[Opening Supplied records section]

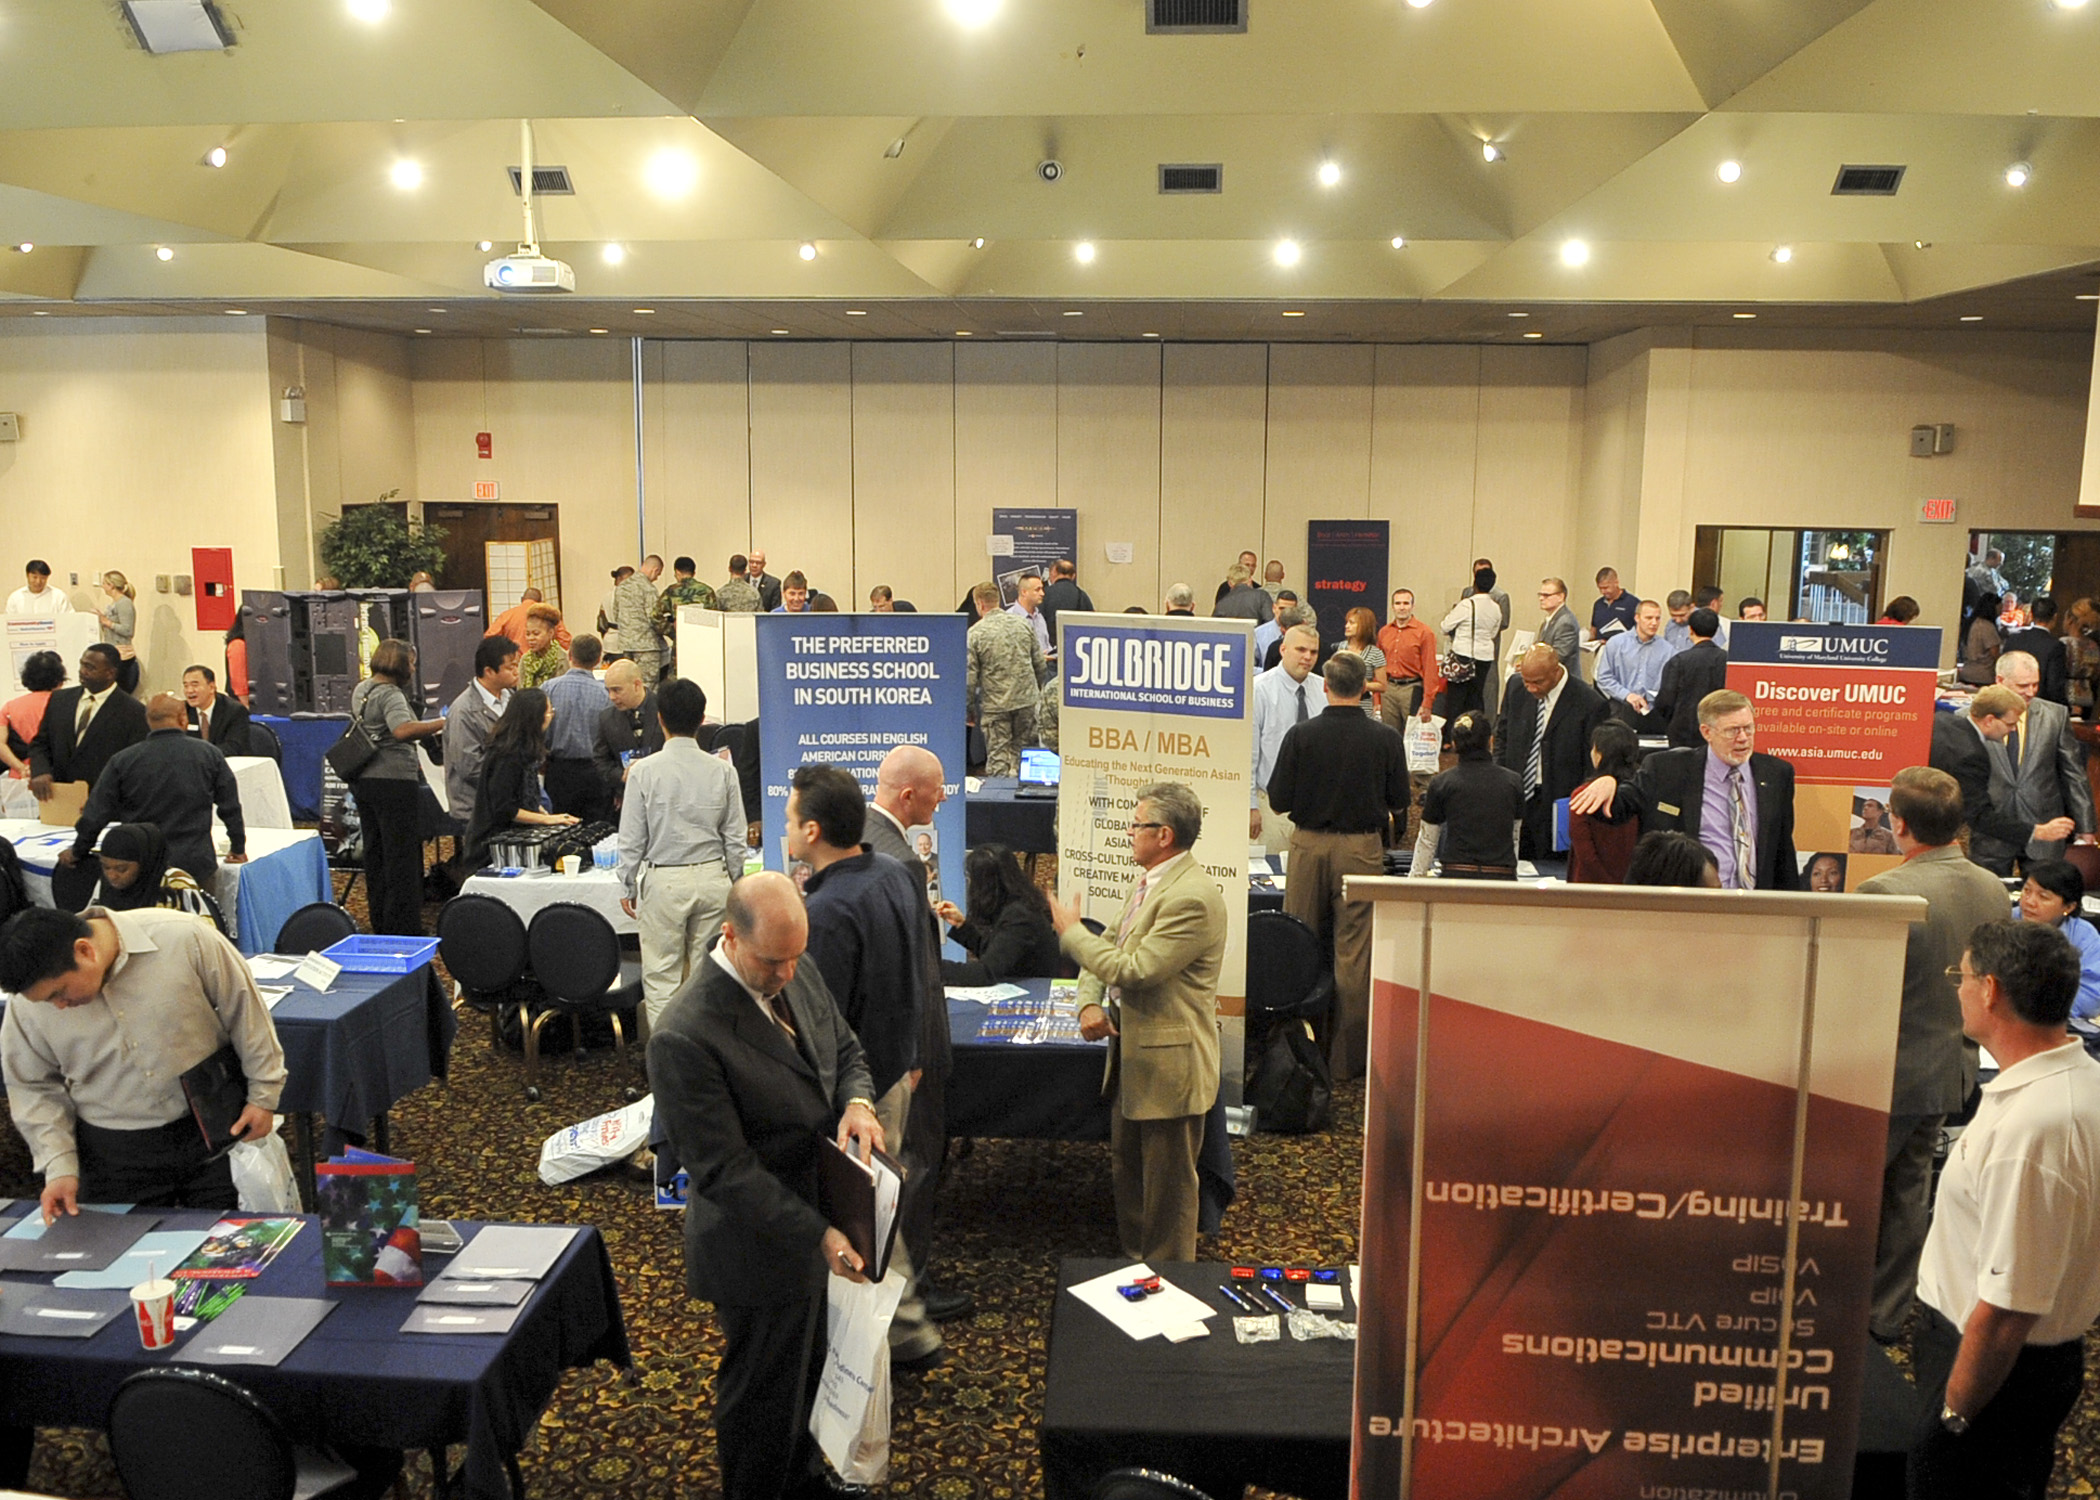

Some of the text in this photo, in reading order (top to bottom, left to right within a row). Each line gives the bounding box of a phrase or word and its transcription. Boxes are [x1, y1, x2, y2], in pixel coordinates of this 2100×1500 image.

[476, 482, 495, 498] EXIT
[1926, 499, 1954, 519] EXIT
[1314, 580, 1367, 592] strategy
[791, 636, 930, 655] THE PREFERRED
[1825, 637, 1889, 655] UMUC
[786, 662, 940, 680] BUSINESS SCHOOL
[1070, 636, 1235, 694] SOLBRIDGE
[794, 688, 932, 705] IN SOUTH KOREA
[1070, 688, 1234, 709] INTERNATIONAL SCHOOL OF BUSINESS
[1755, 681, 1907, 704] Discover UMUC
[1783, 706, 1803, 717] and
[1805, 707, 1861, 719] certificate
[1864, 710, 1918, 722] programs
[1756, 721, 1898, 737] available on-site or online
[798, 733, 928, 745] ALL COURSES IN ENGLISH
[1089, 726, 1210, 758] BBA / MBA
[801, 750, 856, 763] AMERICAN
[1767, 746, 1883, 761] www.asia.umuc.edu
[1064, 755, 1241, 782] Educating the Next Generation Asian
[767, 785, 789, 797] 80%
[1089, 796, 1115, 809] WITH
[1073, 867, 1119, 883] CREATIVE
[1088, 885, 1123, 900] SOCIAL
[1732, 1255, 1821, 1275] VSIP
[1750, 1286, 1818, 1306] VIP
[1646, 1311, 1816, 1337] Scure VTC
[1502, 1333, 1834, 1374] Communications
[1623, 1431, 1825, 1464] Enterprise
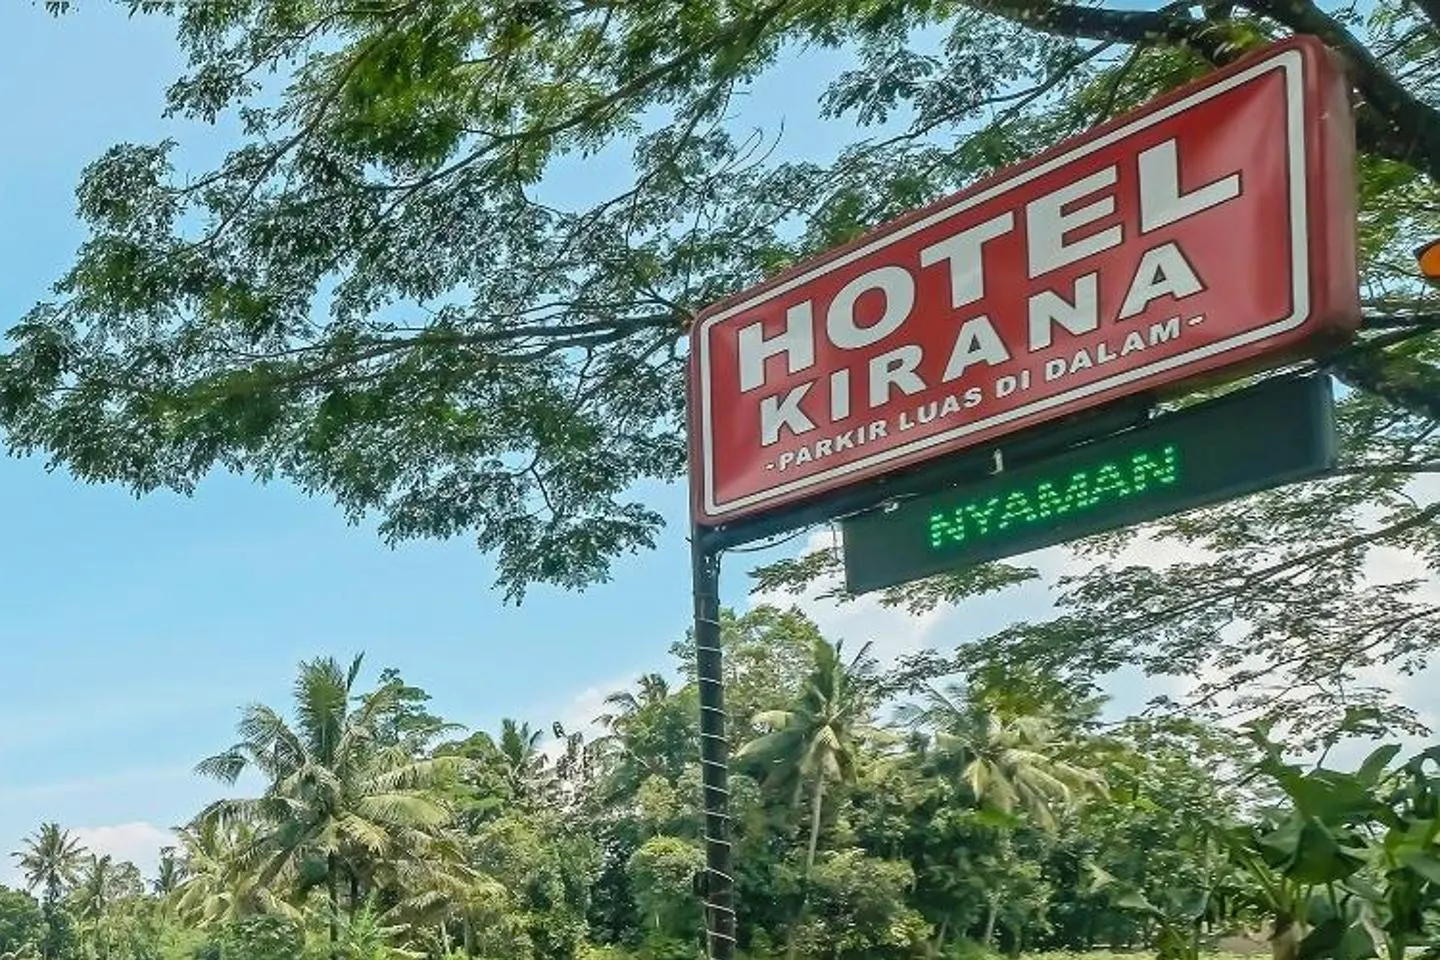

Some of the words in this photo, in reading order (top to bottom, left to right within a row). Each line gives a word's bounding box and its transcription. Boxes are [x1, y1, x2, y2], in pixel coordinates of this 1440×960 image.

[738, 138, 1242, 392] HOTEL
[760, 242, 1207, 447] KIRANA
[899, 387, 982, 431] LUAS
[995, 370, 1030, 399] DI
[929, 445, 1176, 547] NYAMAN
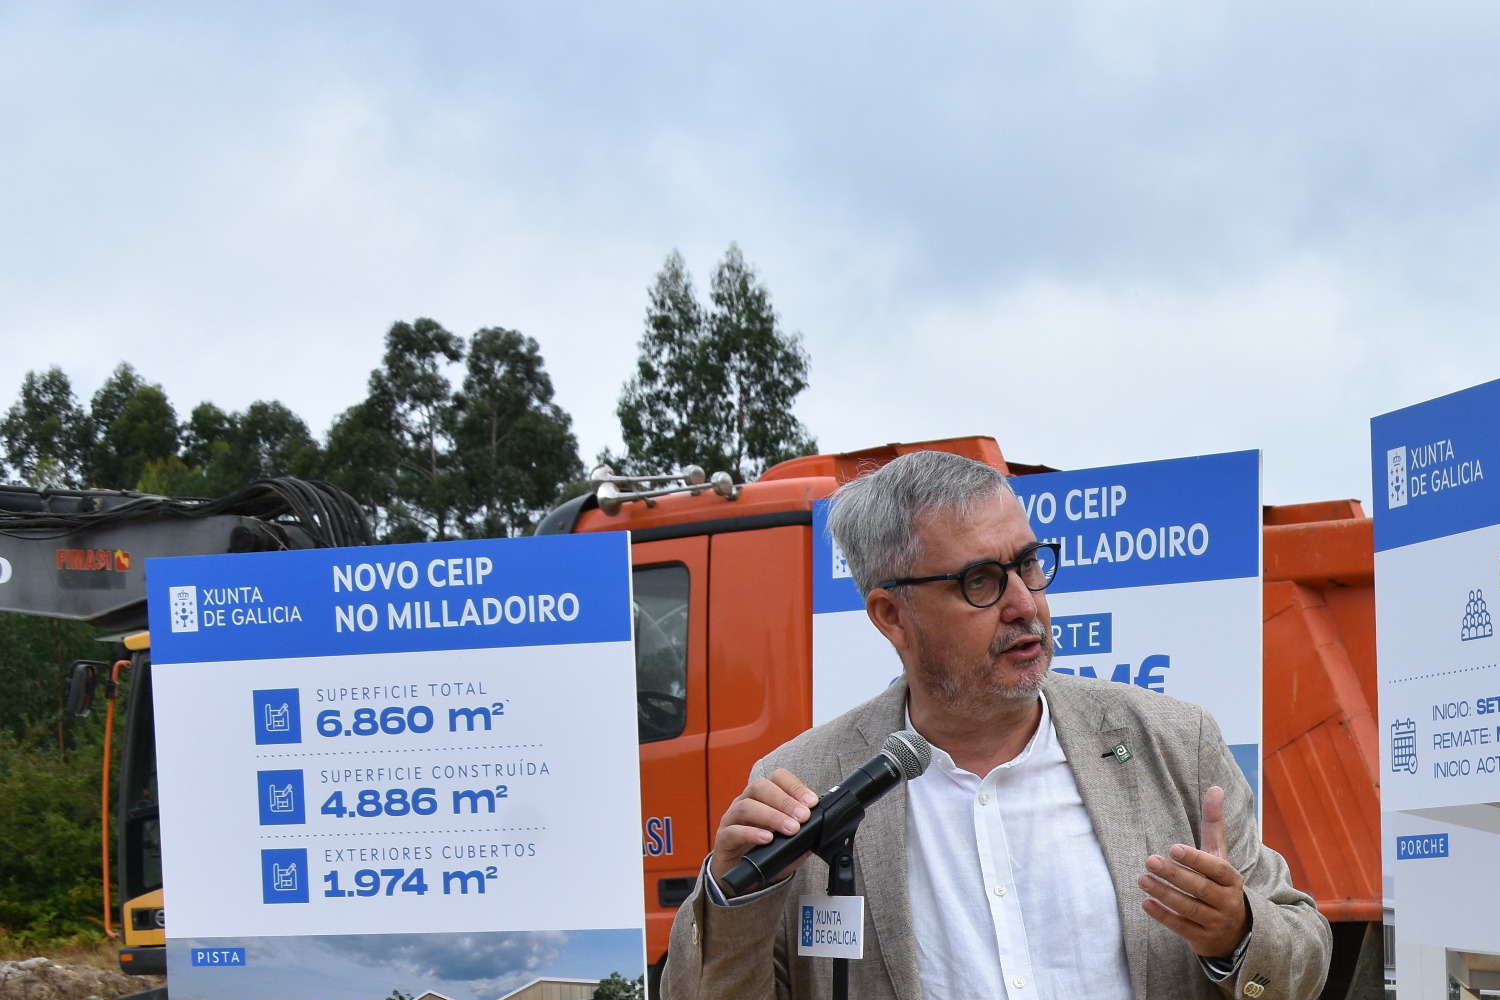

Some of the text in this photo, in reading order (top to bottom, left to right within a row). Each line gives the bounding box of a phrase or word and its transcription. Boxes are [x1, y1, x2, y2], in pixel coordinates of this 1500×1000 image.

[Closing Supplied records section]

Work instruction » Copy, without the pictures, exactly the lines from the line with "Some of the words" through the end of the material above, both ends included.

Exercise solution »
Some of the words in this photo, in reading order (top to bottom, left to right within a row). Each line gives a word's bounding box and its transcription. Boxes are [x1, y1, x2, y2], in pixel coordinates of this 1440×960 image.

[738, 138, 1242, 392] HOTEL
[760, 242, 1207, 447] KIRANA
[899, 387, 982, 431] LUAS
[995, 370, 1030, 399] DI
[929, 445, 1176, 547] NYAMAN

Some of the text in this photo, in reading order (top to bottom, left to right within a row). Each line gives the bounding box of a phrase or word and its transcription. Boxes are [x1, y1, x2, y2], in pixel coordinates of this 1500×1000 image.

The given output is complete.